How government engages now

Two things could happen next.

The first option is that the UK government spends the next two years working behind closed doors, keen to ensure their negotiating position will not be revealed in public.  They, with selected business leaders and 'experts' tell us what they are concerned about, become the commentators and the people's voice. The second option is that the UK government engages in an open two-way communication, with genuine engagement about what is being proposed and why.

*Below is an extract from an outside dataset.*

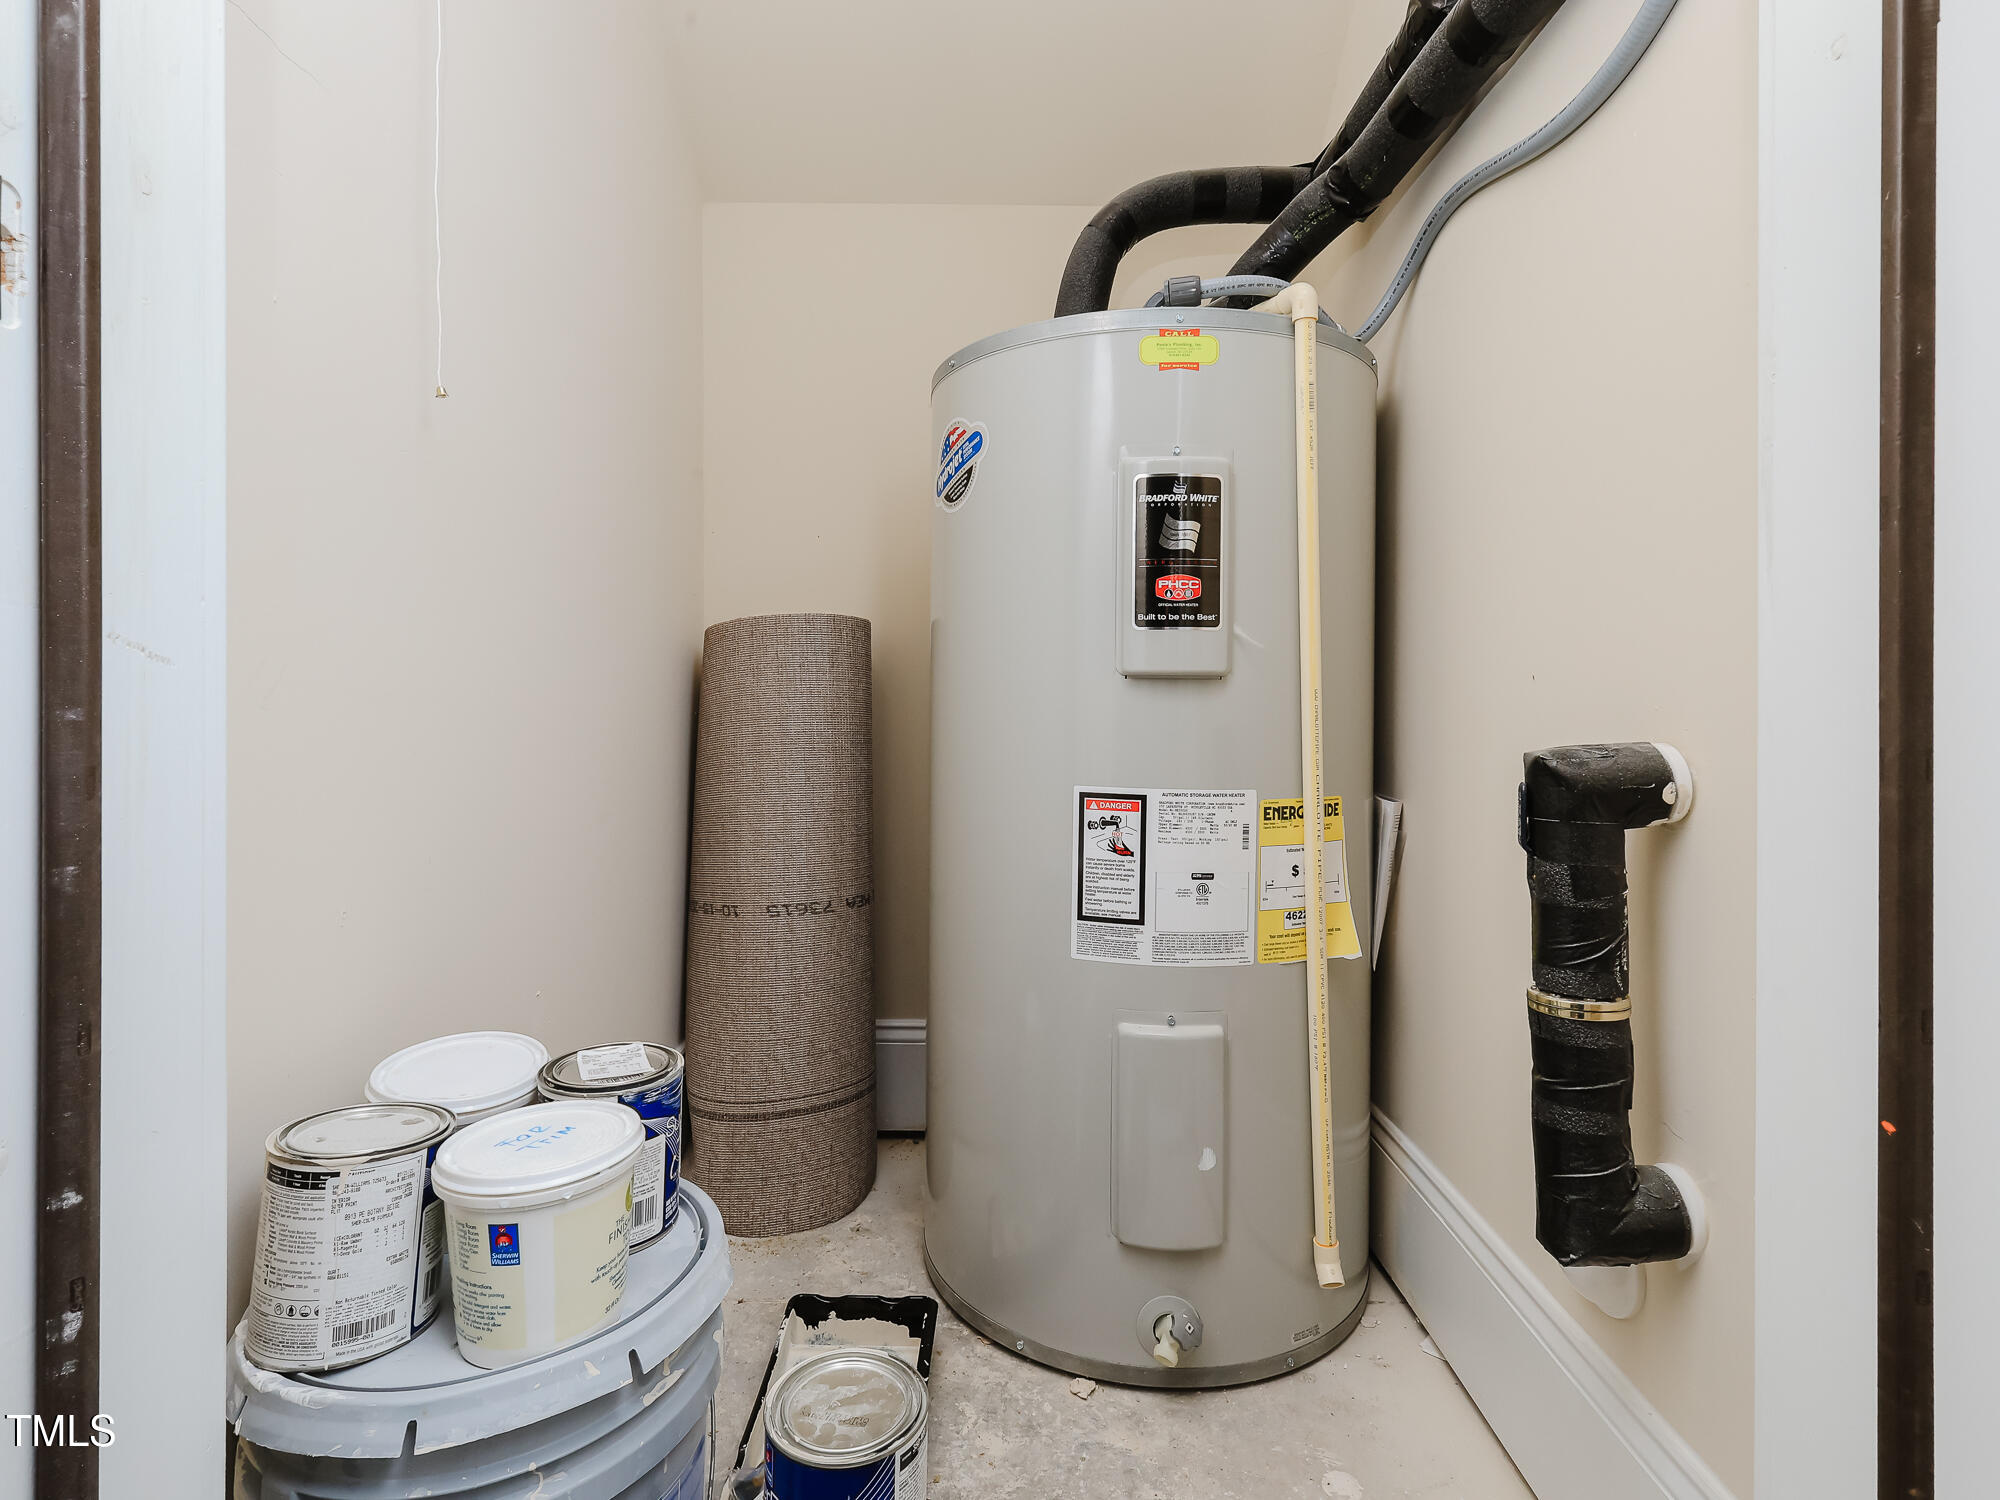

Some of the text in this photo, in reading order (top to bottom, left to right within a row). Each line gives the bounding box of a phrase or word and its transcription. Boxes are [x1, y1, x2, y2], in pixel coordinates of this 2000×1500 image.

The second is by far the hardest but perhaps the most necessary. At the Centre for Public Impact, building legitimacy is one of the three Public Impact Fundamentals. Legitimacy is about trust, engagement and political commitment. Policy and action are the other two fundamentals - and government feels far more comfortable there. Our case studies have proven, however, that without legitimacy even the best ideas have a higher likelihood of failing. Legitimacy has to be built through engagement that is genuine, open and honest - not only with the experts but with people whose lives are affected, in this case most of us. Just like any divorce, it may get messy before it gets better but as a result, the outcome will be better.

Team up to build up

It is apt that I am on my way to an OECD meeting on integrity and trust. And as I approach Gare du Nord, I wonder whether this journey will even be possible in such quick time in the future. As I breeze through immigration with my EU passport I know that even these little but significant privileges have had huge consequences on our lives and our perception of diversity. Immigration remains one of the perhaps most unsolvable sticking points of all in this - it was one of the top reasons why people voted to leave the EU yet there is little to suggest those concerns will be resolved.

There is so much to still be said, to do and to understand - 19,000 or so statutory instruments to think through to be precise, but more to the point nearly 65million lives to take care of and unite.

This is not a job that can be done with just a few.